### [EXERCISE INSTRUCTIONS]
Print the entries exactly as they appear, and omit any images.
--*--
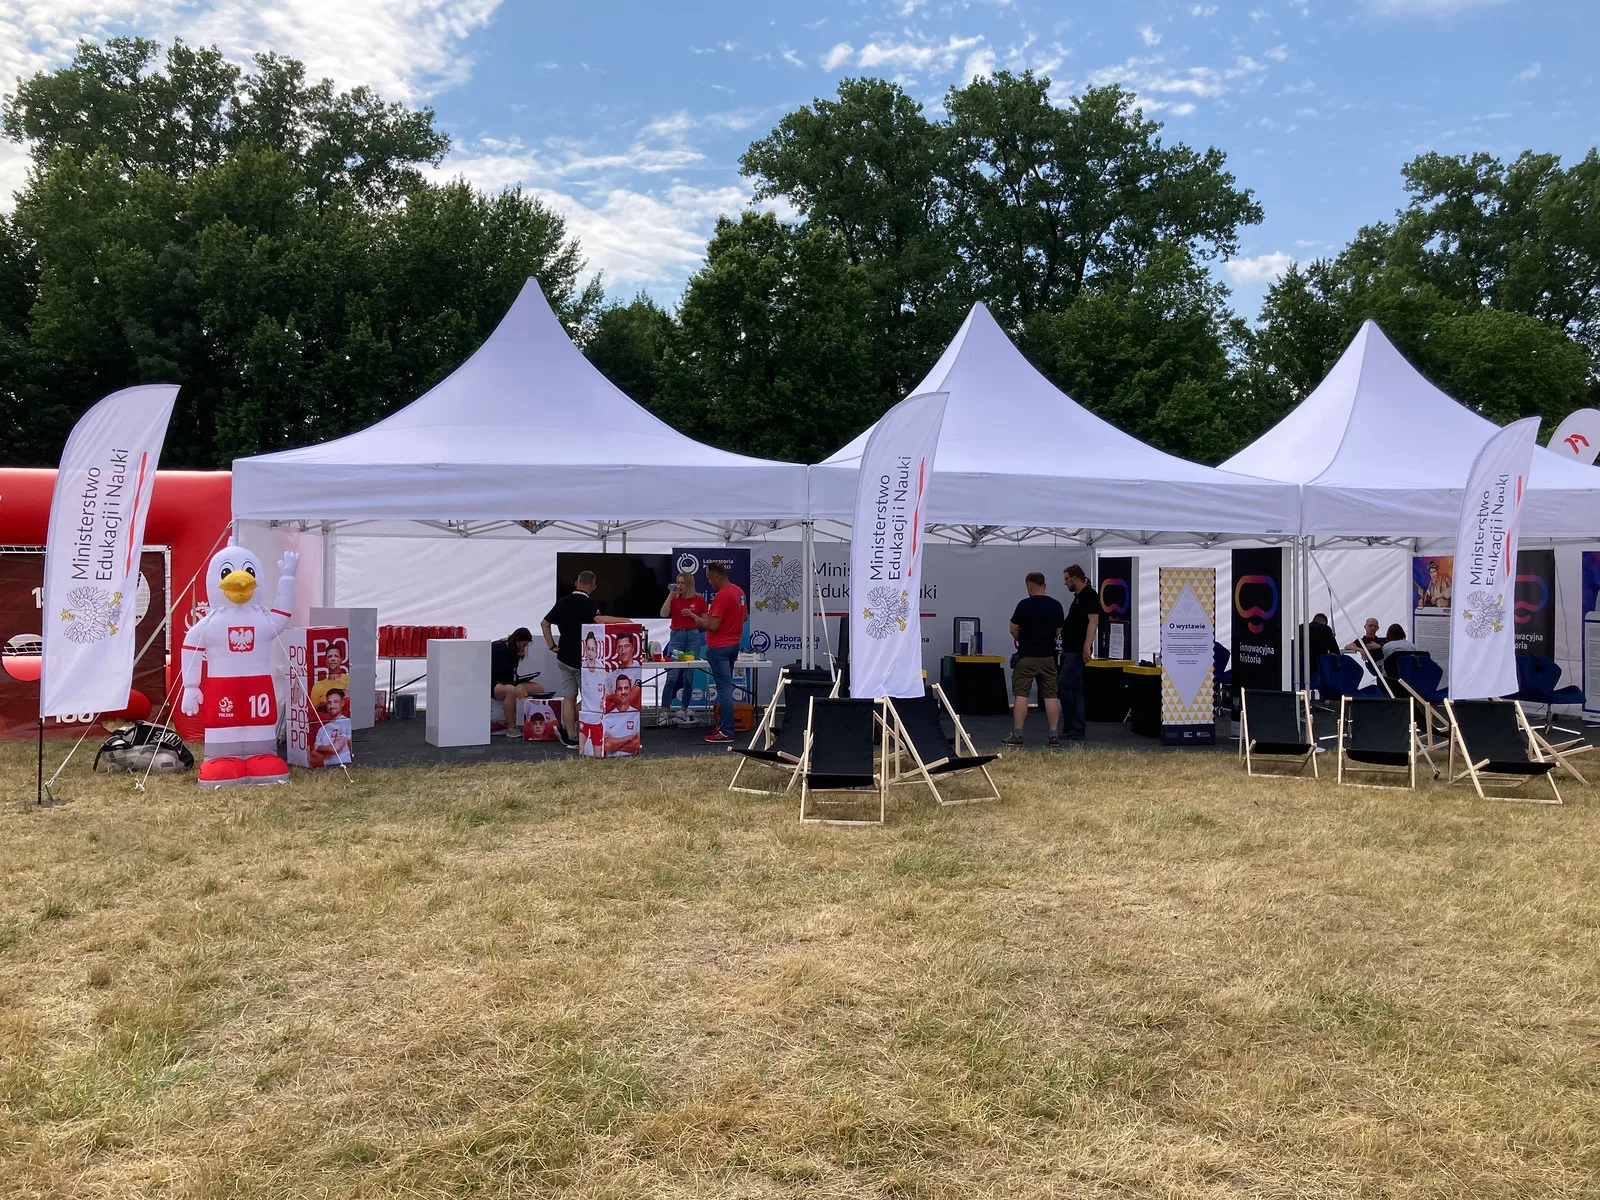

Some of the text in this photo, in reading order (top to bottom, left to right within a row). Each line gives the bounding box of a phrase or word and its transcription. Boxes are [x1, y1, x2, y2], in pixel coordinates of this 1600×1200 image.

[106, 448, 129, 497] Nauki
[893, 456, 912, 502] Nauki
[1491, 474, 1510, 515] Nauki
[71, 467, 101, 580] Ministerstwo
[96, 509, 122, 581] Edukacji
[870, 475, 890, 580] Ministerstwo
[889, 513, 908, 580] Edukacji
[1469, 491, 1490, 586] Ministerstwo
[1486, 526, 1505, 586] Edukacji
[1240, 641, 1275, 656] innowacyjna
[1240, 652, 1262, 665] historia
[248, 693, 270, 719] 10
--*--
### [RESPONSE BELOW]
Some of the text in this photo, in reading order (top to bottom, left to right within a row). Each line gives the bounding box of a phrase or word and its transcription. Boxes are [x1, y1, x2, y2], in pixel coordinates of this 1600×1200 image.

[106, 448, 129, 497] Nauki
[893, 456, 912, 502] Nauki
[1491, 474, 1510, 515] Nauki
[71, 467, 101, 580] Ministerstwo
[96, 509, 122, 581] Edukacji
[870, 475, 890, 580] Ministerstwo
[889, 513, 908, 580] Edukacji
[1469, 491, 1490, 586] Ministerstwo
[1486, 526, 1505, 586] Edukacji
[1240, 641, 1275, 656] innowacyjna
[1240, 652, 1262, 665] historia
[248, 693, 270, 719] 10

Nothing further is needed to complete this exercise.